Lurking in the background, of course, was the larger society and its conformist conventions of the '50s. Guidelines were deemed necessary to sustain a vibrant consumer culture. In the age of The Organization Man, teamwork and cheerful good manners were the dominant values.

So as time progressed, Americans became less tolerant of unconventional behavior. Next to Normal, a thoughtful musical at the Arden, takes a not too subtle swipe at Americans' obsession with being "normal."

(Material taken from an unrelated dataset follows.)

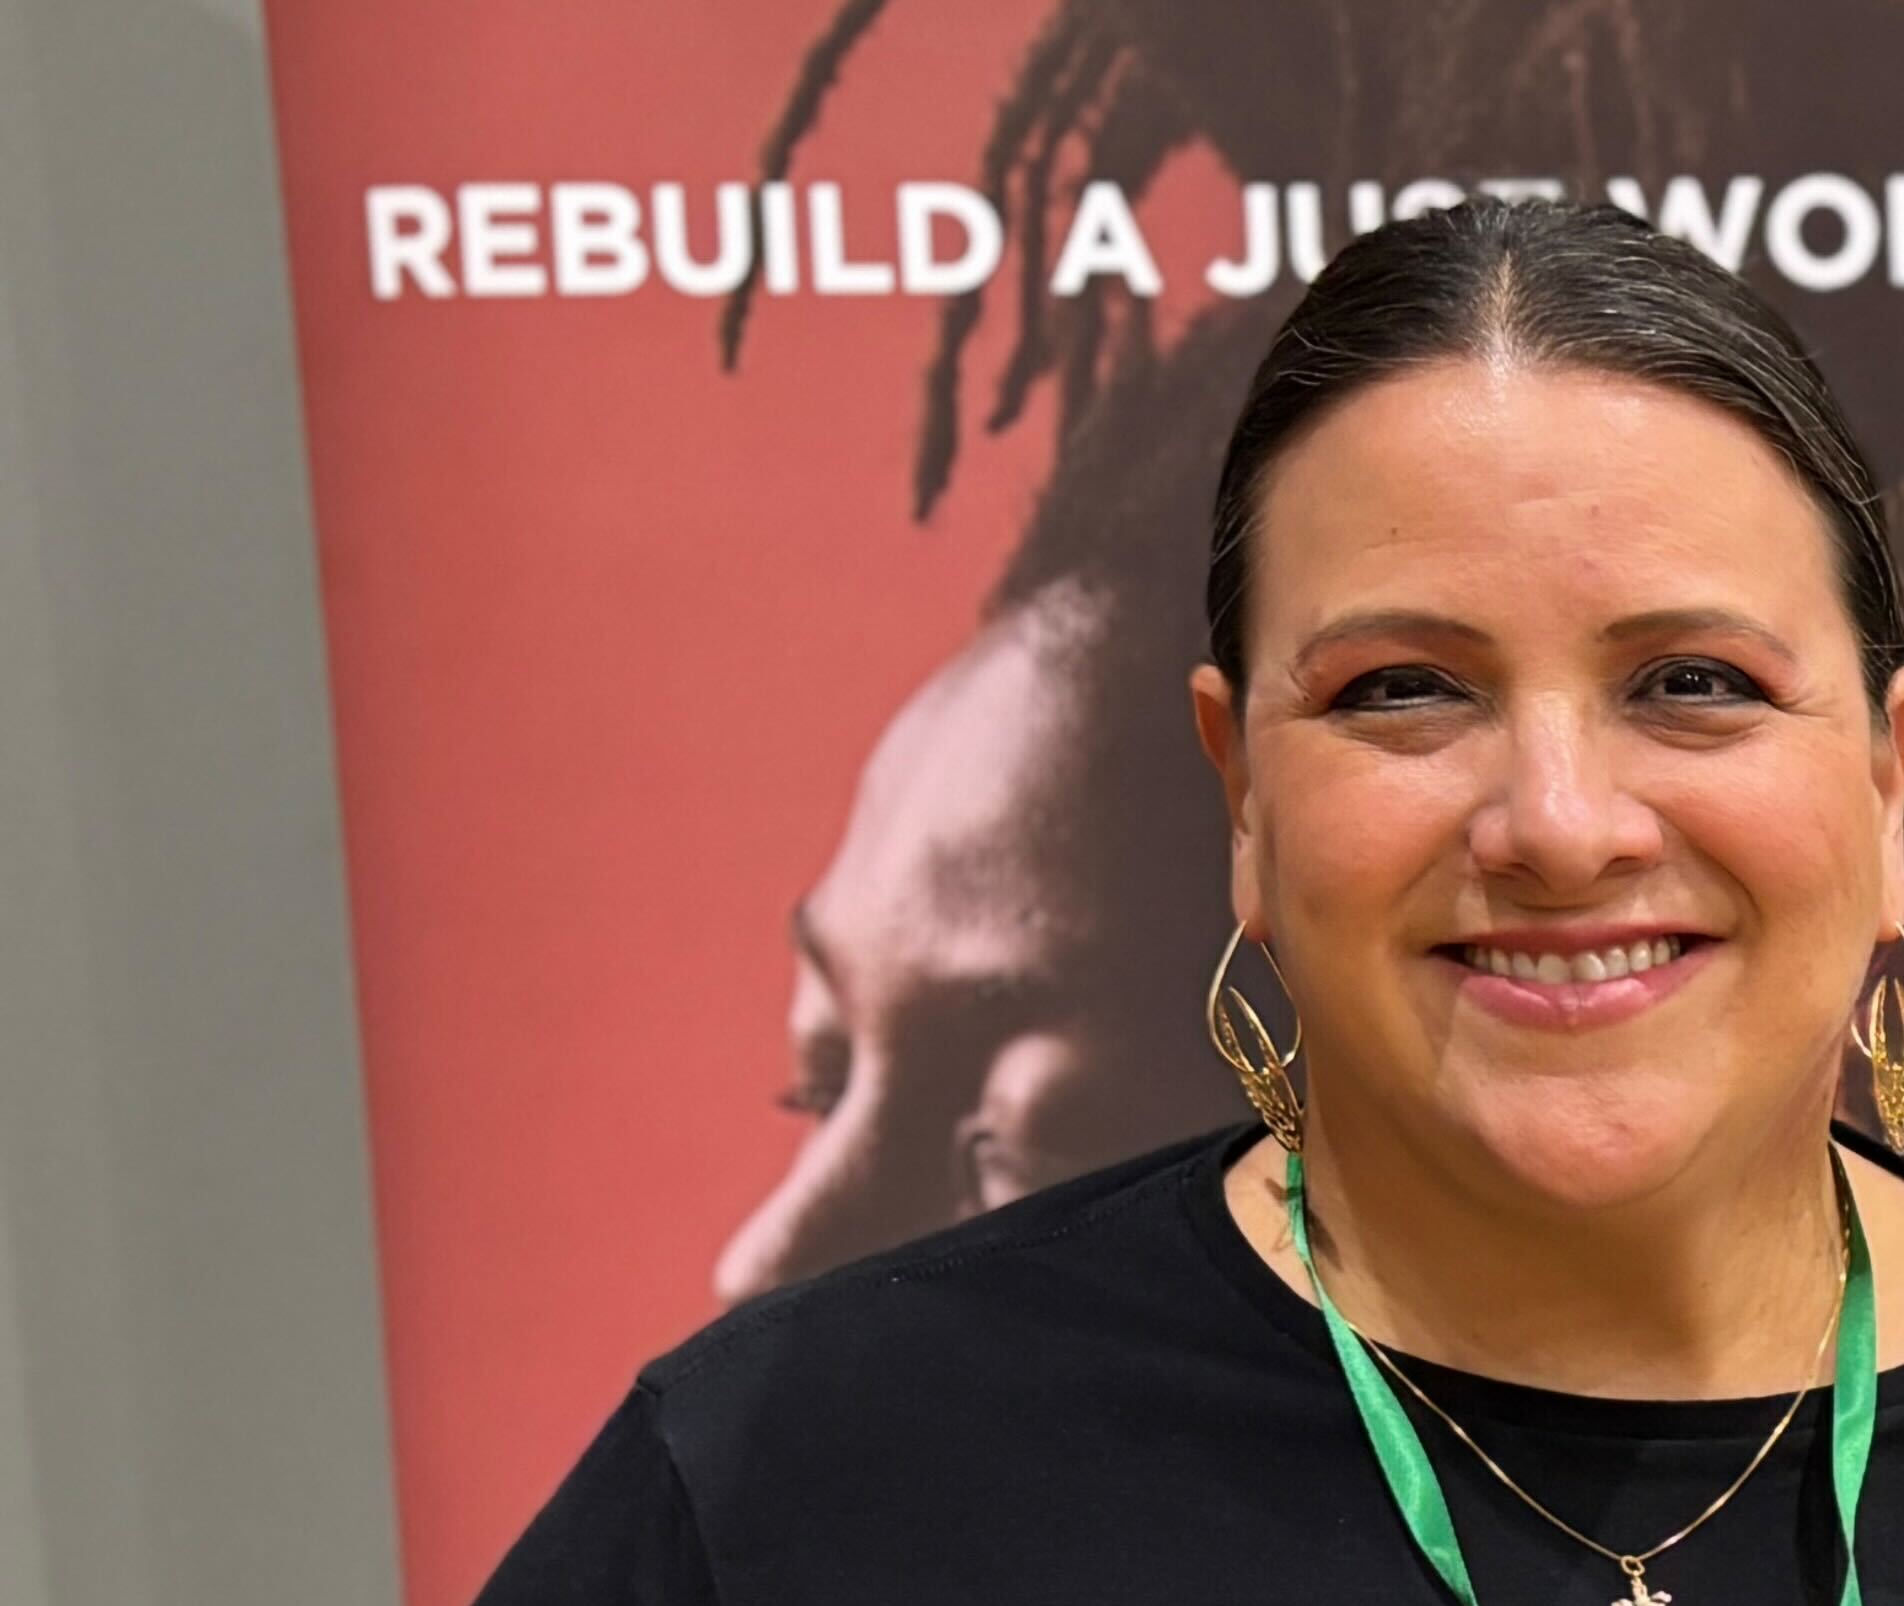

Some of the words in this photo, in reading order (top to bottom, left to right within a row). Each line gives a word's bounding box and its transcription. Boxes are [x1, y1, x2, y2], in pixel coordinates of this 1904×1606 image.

[365, 181, 1002, 298] REBUILD
[1053, 183, 1163, 295] A
[1205, 179, 1565, 298] JU
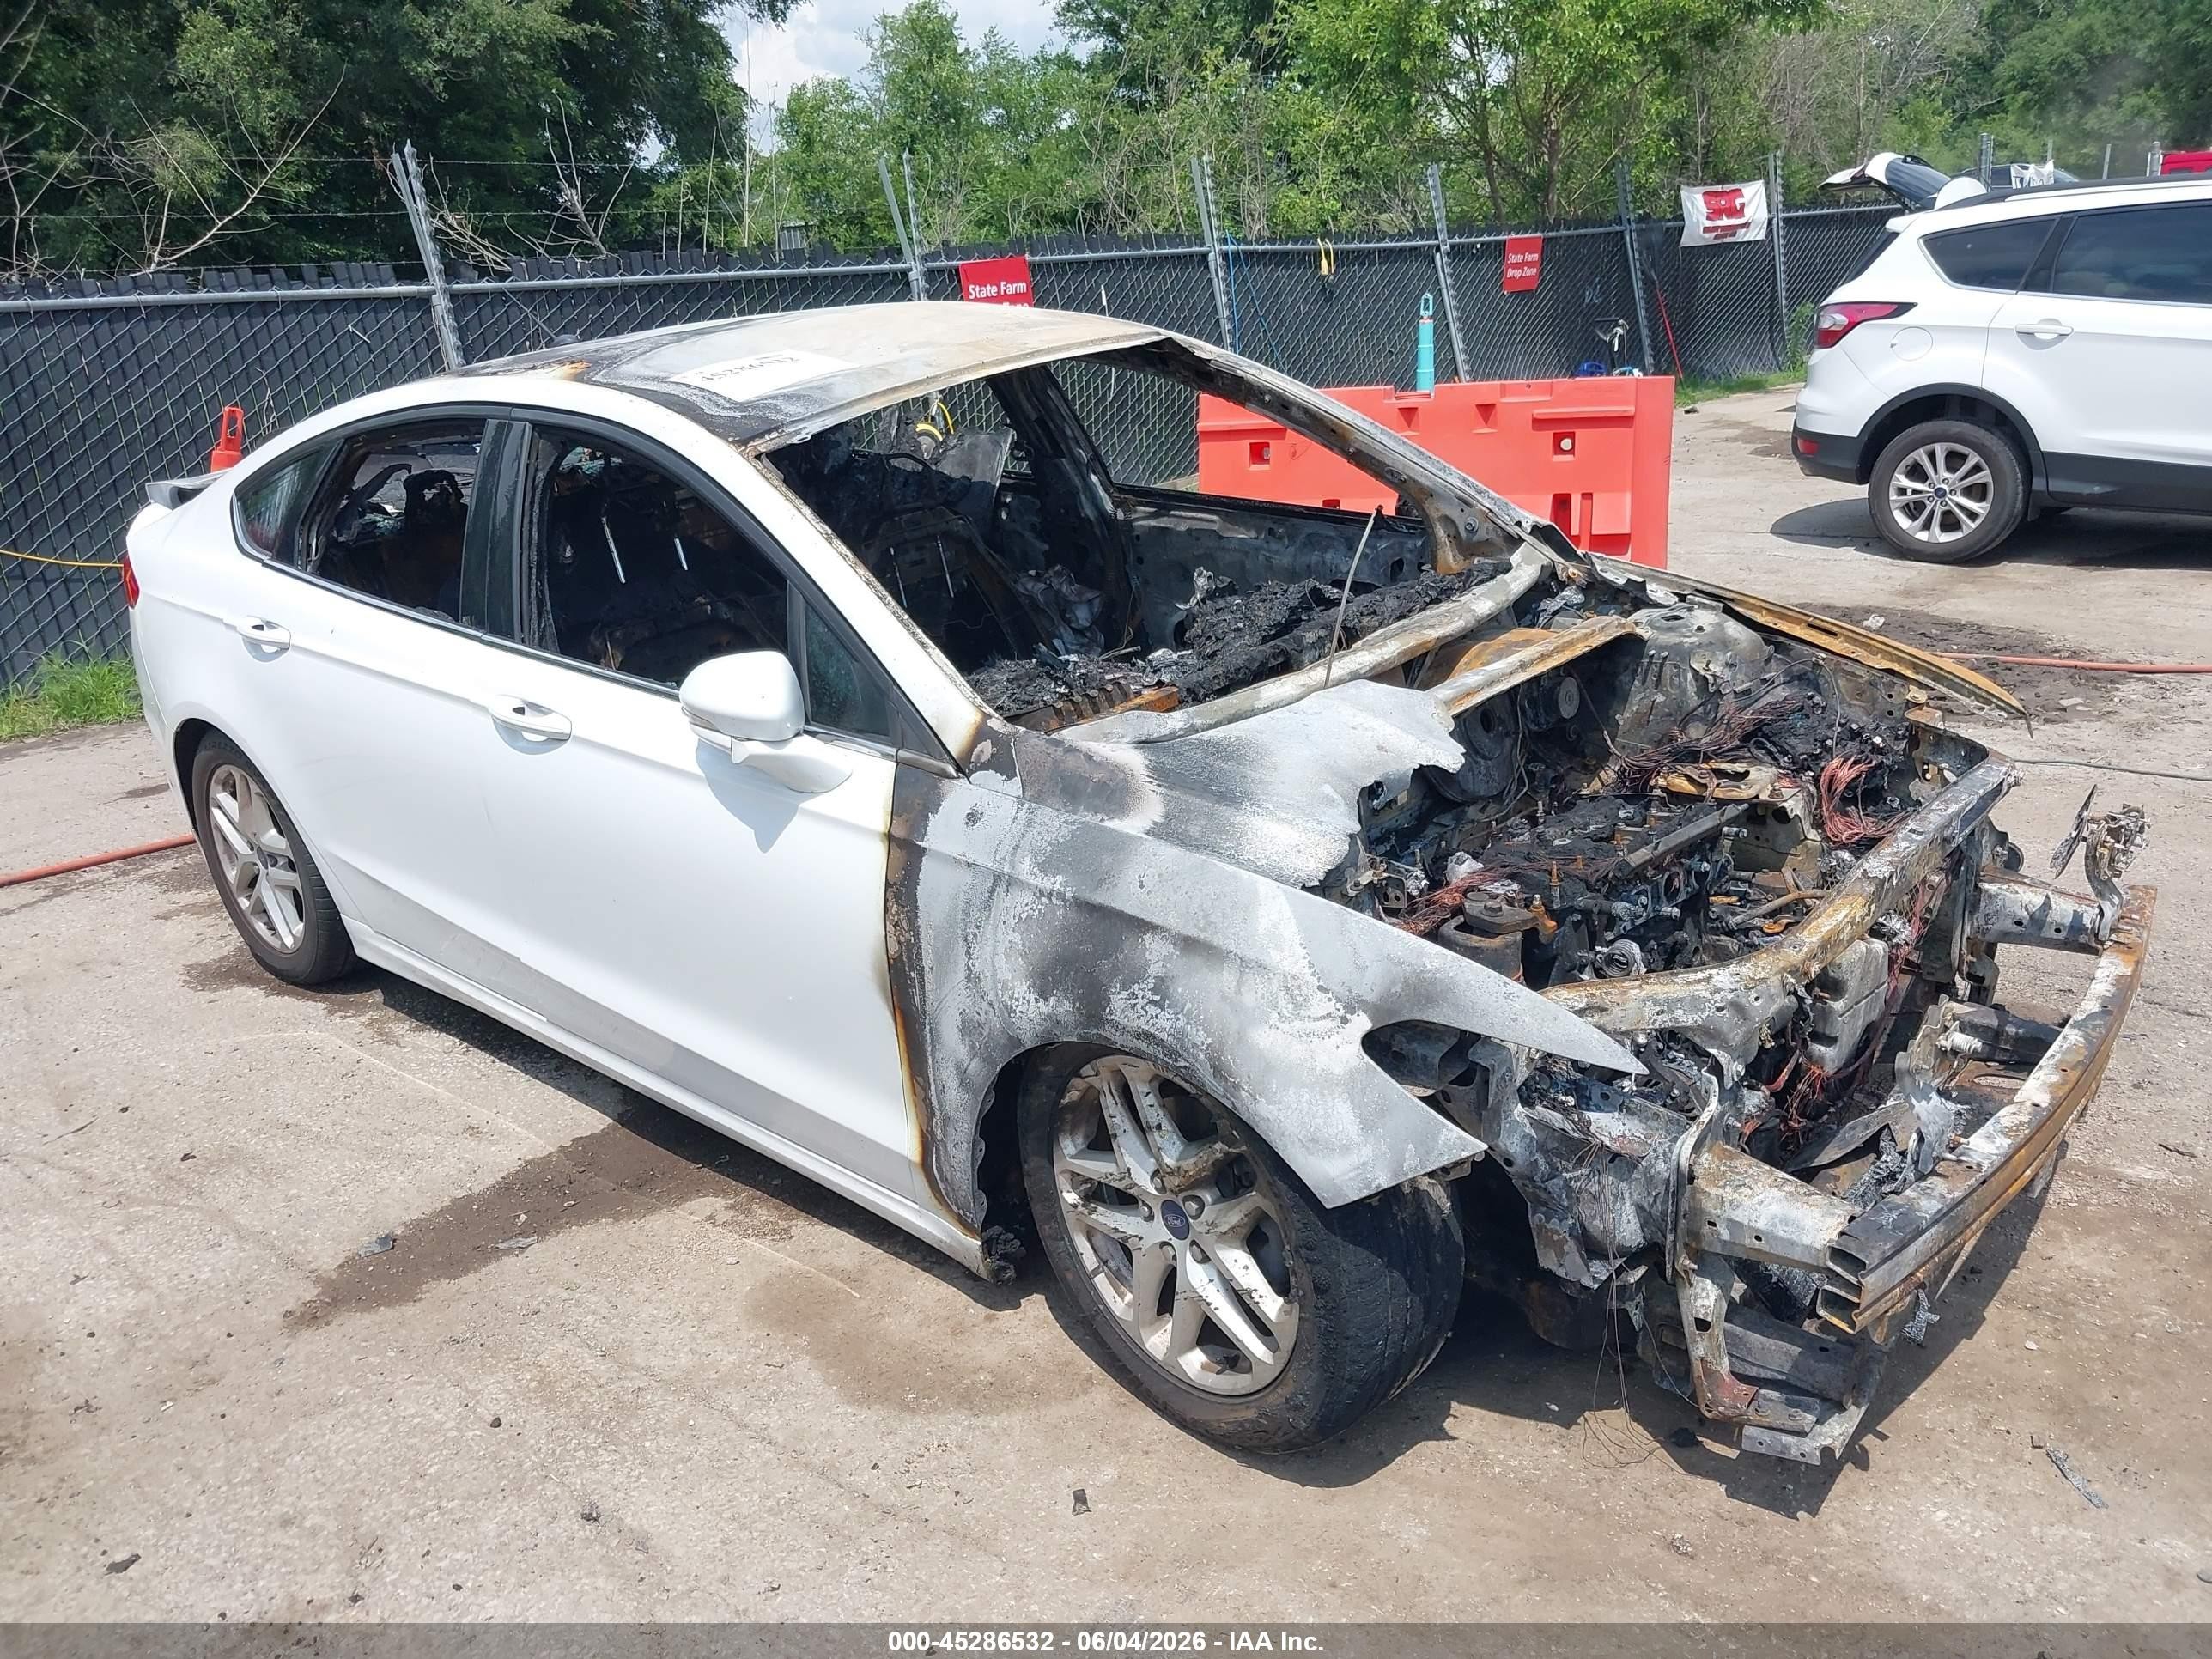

Granted, Diana— a middle-class housewife with mourning issues— has her difficult moments, just as people with high blood pressure get headaches. But when she refuses to take the drugs that render her a walking zombie, the mad scientists over at mental rehab decide to zap her memory with impairing volts of electricity. Who's crazy here?

The real culprit in this story isn't Diana's inability to set boundaries but the mental health industry's lack of them.

Drugged beyond feeling


As a young mother, Diana lost her son. According to her first psychiatrist, Dr. Madden, this traumatic experience brought on a "condition."

Diana's husband, Dan, is a suffering boob who would drive Mother Teresa off a cliff. He seems to devote all his time trying to turn Diana into a perfect Mrs. Cleaver; he's only happy in his marriage when Diana is too drugged up to feel anything. Their daughter, Natalie, falls by the wayside and seems to exist to act as an enabler in his quest for a "normal" life style.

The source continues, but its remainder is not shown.